Affichage des articles dont le libellé est Hirano Rôshi. Afficher tous les articles
Affichage des articles dont le libellé est Hirano Rôshi. Afficher tous les articles

mercredi 9 novembre 2022

Je respire donc je suis.



Si vous en doutez, arrêtez de respirer. Mais vous observerez que ce n'est pas aussi facile qu'on l'imagine. Parce que nous sommes obligés de respirer, d'instant en instant, jour et nuit. Lorsque j'ai rencontré Graf Dürckheim, en 1967, ma spécialité en tant que kinésithérapeute était : les exercices respiratoires ; il y en a des dizaines, chaque exercice avait un but thérapeutique précis.

Dès le premier Zazen j'ai engagé ce qui me semblait être un exercice respiratoire adéquat. Lorsque Graf Dürckheim a perçu cette combine orchestrée par le mental, il m'a invité à faire ce qui suit : " Jacques, attentivement, inspirez lentement et à fond, puis expirez attentivement, lentement et à fond ... STOP ! ne respirez plus, engagez toute votre volonté pour ne plus respirer, sans tricher, sans laisser un petit peu d'air s'infiltrer discrètement dans vos poumons. Résistez ! Encore ! Encore ! "

Jusqu'au moment où une force intérieure d'une puissance étonnante a débordé toutes mes résistances et libéré cette intention innée du tout corps vivant dans sa globalité et son unité ... l'acte d'inspirer.

"Voilà ! Vous venez de faire l'expérience de cette force qu'on est (1). L'acte de respirer n'est pas du ressort du Moi qui – fait - mille et une choses parmi lesquelles des exercices respiratoires. La respiration n'est pas quelque chose ; l'acte de respirer c'est la vie en acte.

Au cours de la première année de mon séjour au Japon, je pratiquais régulièrement l'exercice appelé ZAZEN à côté d'un vieux moine Zen.
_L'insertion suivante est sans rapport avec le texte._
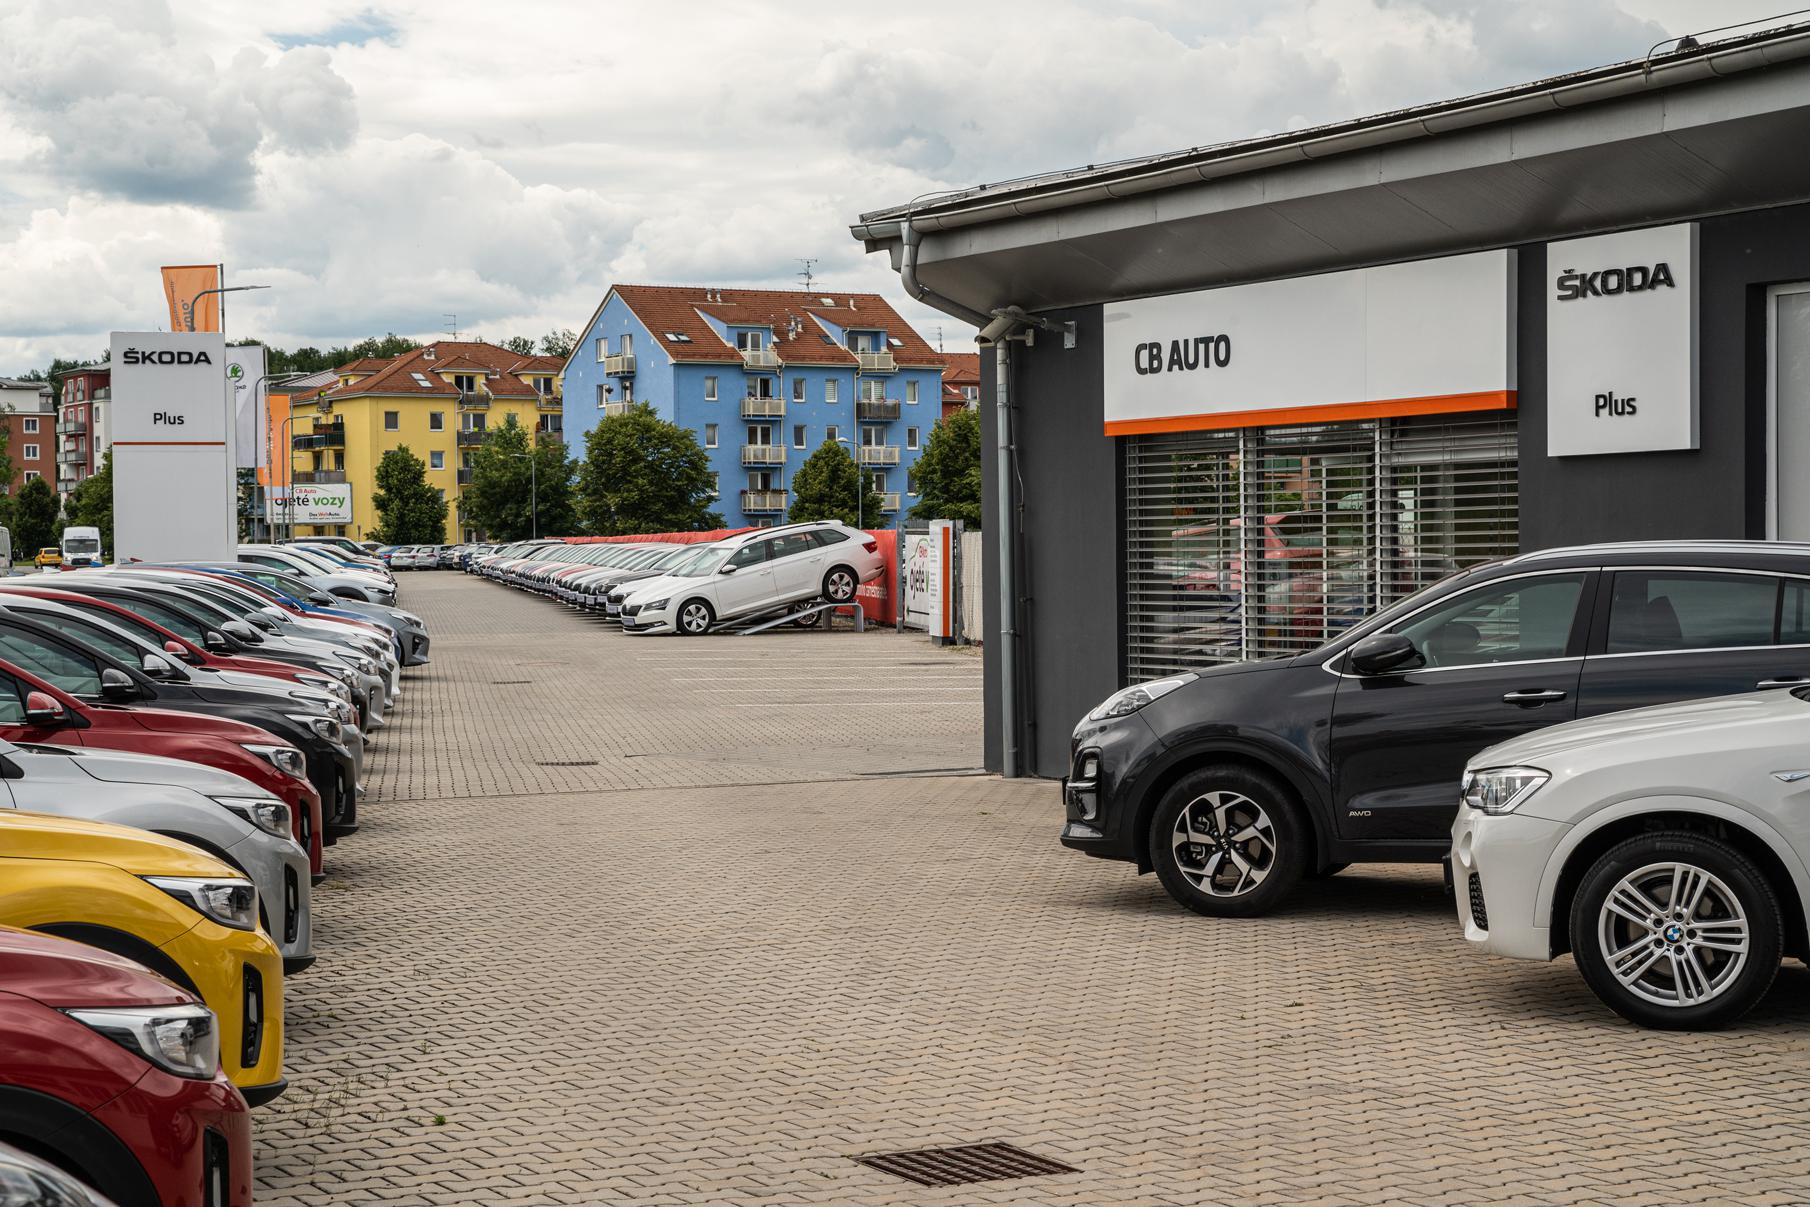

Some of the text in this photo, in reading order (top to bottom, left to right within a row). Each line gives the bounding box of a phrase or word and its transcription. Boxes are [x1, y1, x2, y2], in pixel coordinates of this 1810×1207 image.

[1557, 263, 1675, 301] ŠKODA
[123, 347, 212, 365] ŠKODA
[1135, 334, 1231, 375] CB AUTO
[1595, 391, 1637, 417] Plus
[153, 411, 185, 425] Plus
[313, 496, 345, 508] vozy
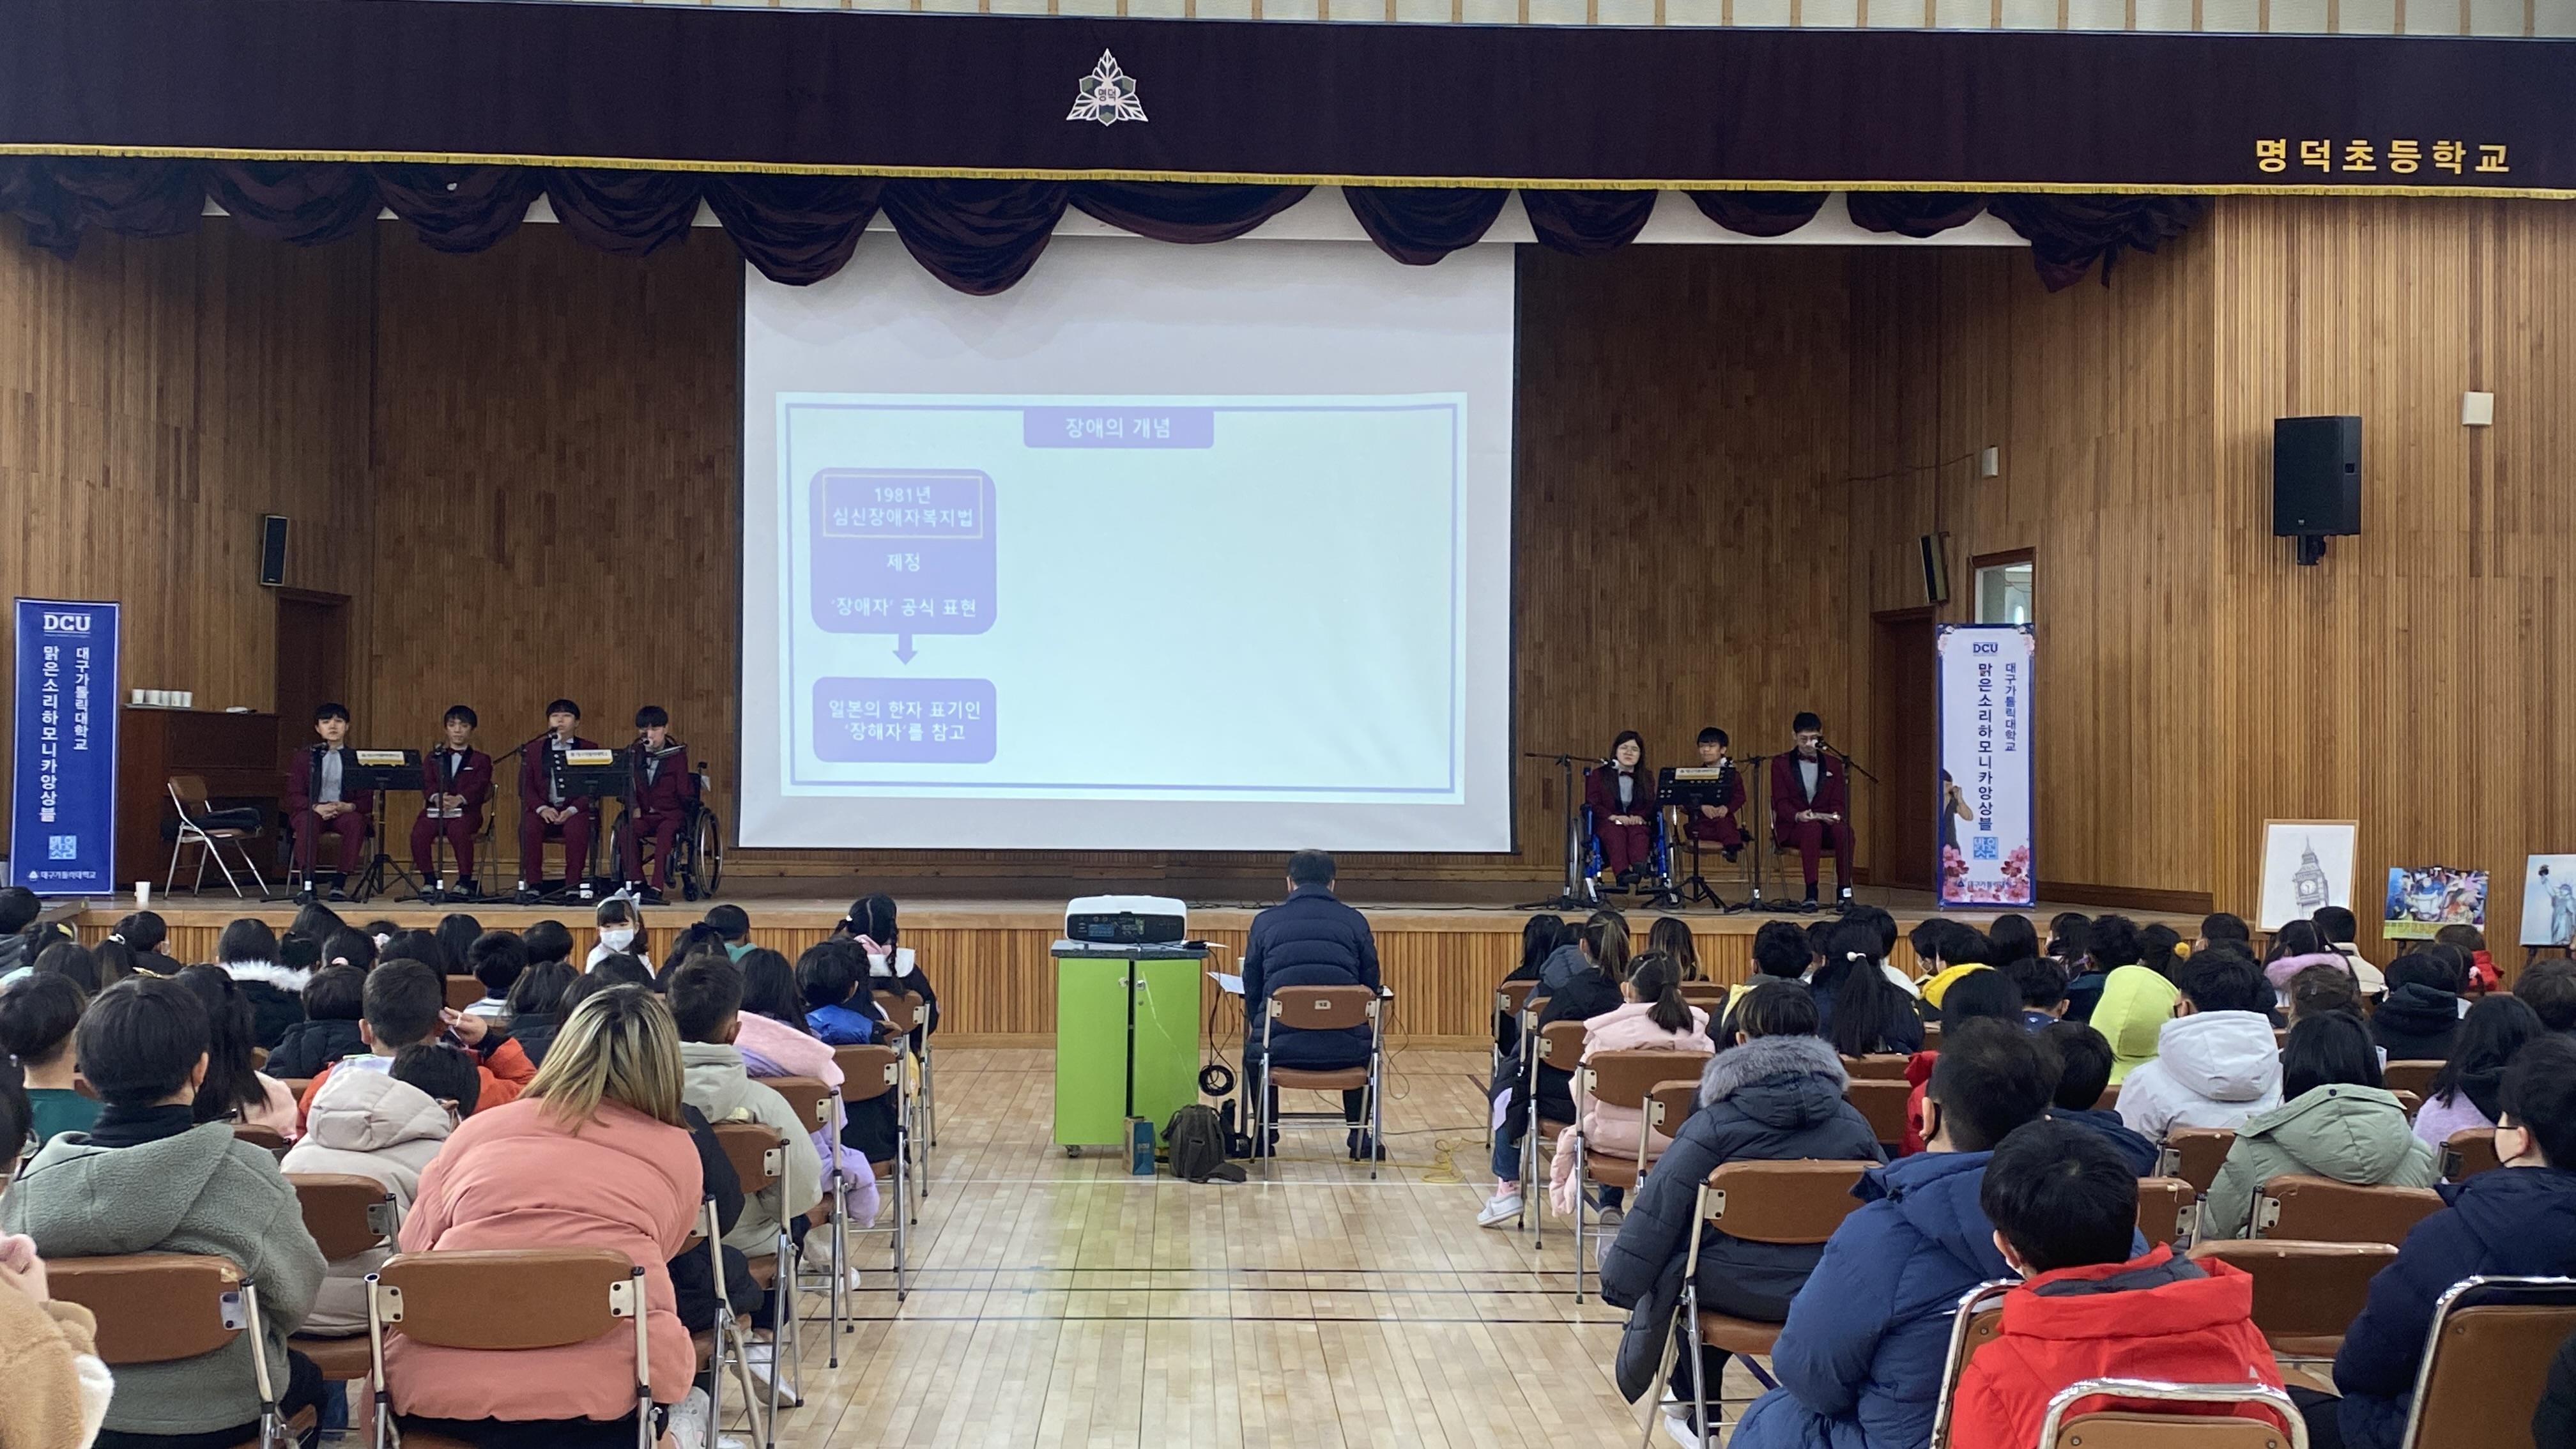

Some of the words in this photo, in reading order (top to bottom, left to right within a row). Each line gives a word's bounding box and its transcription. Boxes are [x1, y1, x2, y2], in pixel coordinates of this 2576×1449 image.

[2256, 138, 2510, 175] 명덕초등학교
[1065, 417, 1123, 439] 장애의
[1133, 417, 1170, 439] 개념
[874, 486, 931, 505] 1981년
[832, 506, 974, 528] 심신장애자복지법
[886, 552, 921, 572] 제정
[901, 597, 935, 617] 공식
[942, 598, 976, 618] 표현
[43, 614, 91, 631] DCU
[1973, 643, 1998, 653] DCU
[829, 699, 880, 719] 일본의
[889, 700, 923, 719] 한자
[930, 700, 981, 720] 표기인
[931, 723, 965, 742] 참고
[1978, 663, 1993, 831] 맑은소리하모니카앙상블
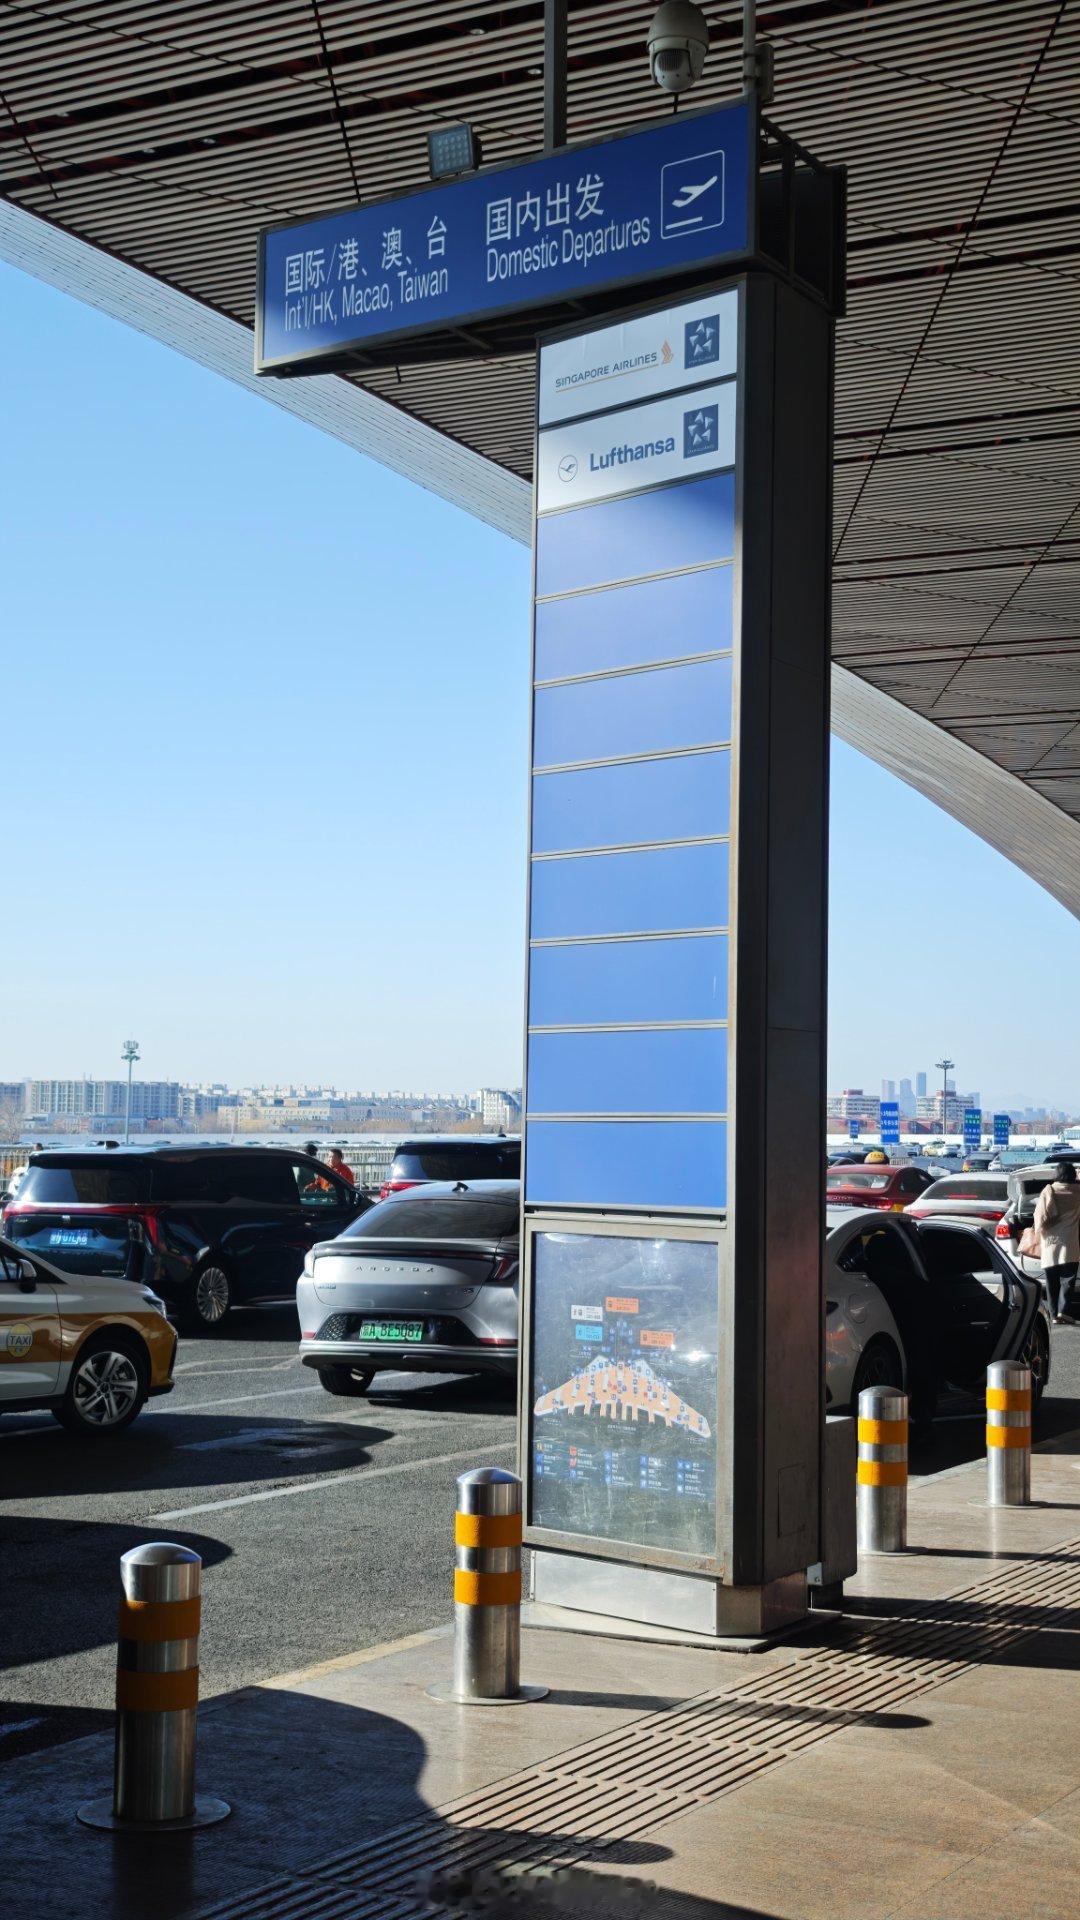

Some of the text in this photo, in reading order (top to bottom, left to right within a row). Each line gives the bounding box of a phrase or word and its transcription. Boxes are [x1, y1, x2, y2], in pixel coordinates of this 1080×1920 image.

Intrigué, je lui demande ce qu'il fait au cours de cet exercice qu'il pratique depuis plus d'un demi-siècle ? En souriant il me dit : — C'est difficile ... Je fais de mon mieux pour ne pas entraver le souffle et le laisser aller et venir comme il veut et c'est vraiment curieux, lorsque j'y arrive, tout en moi se calme ! ".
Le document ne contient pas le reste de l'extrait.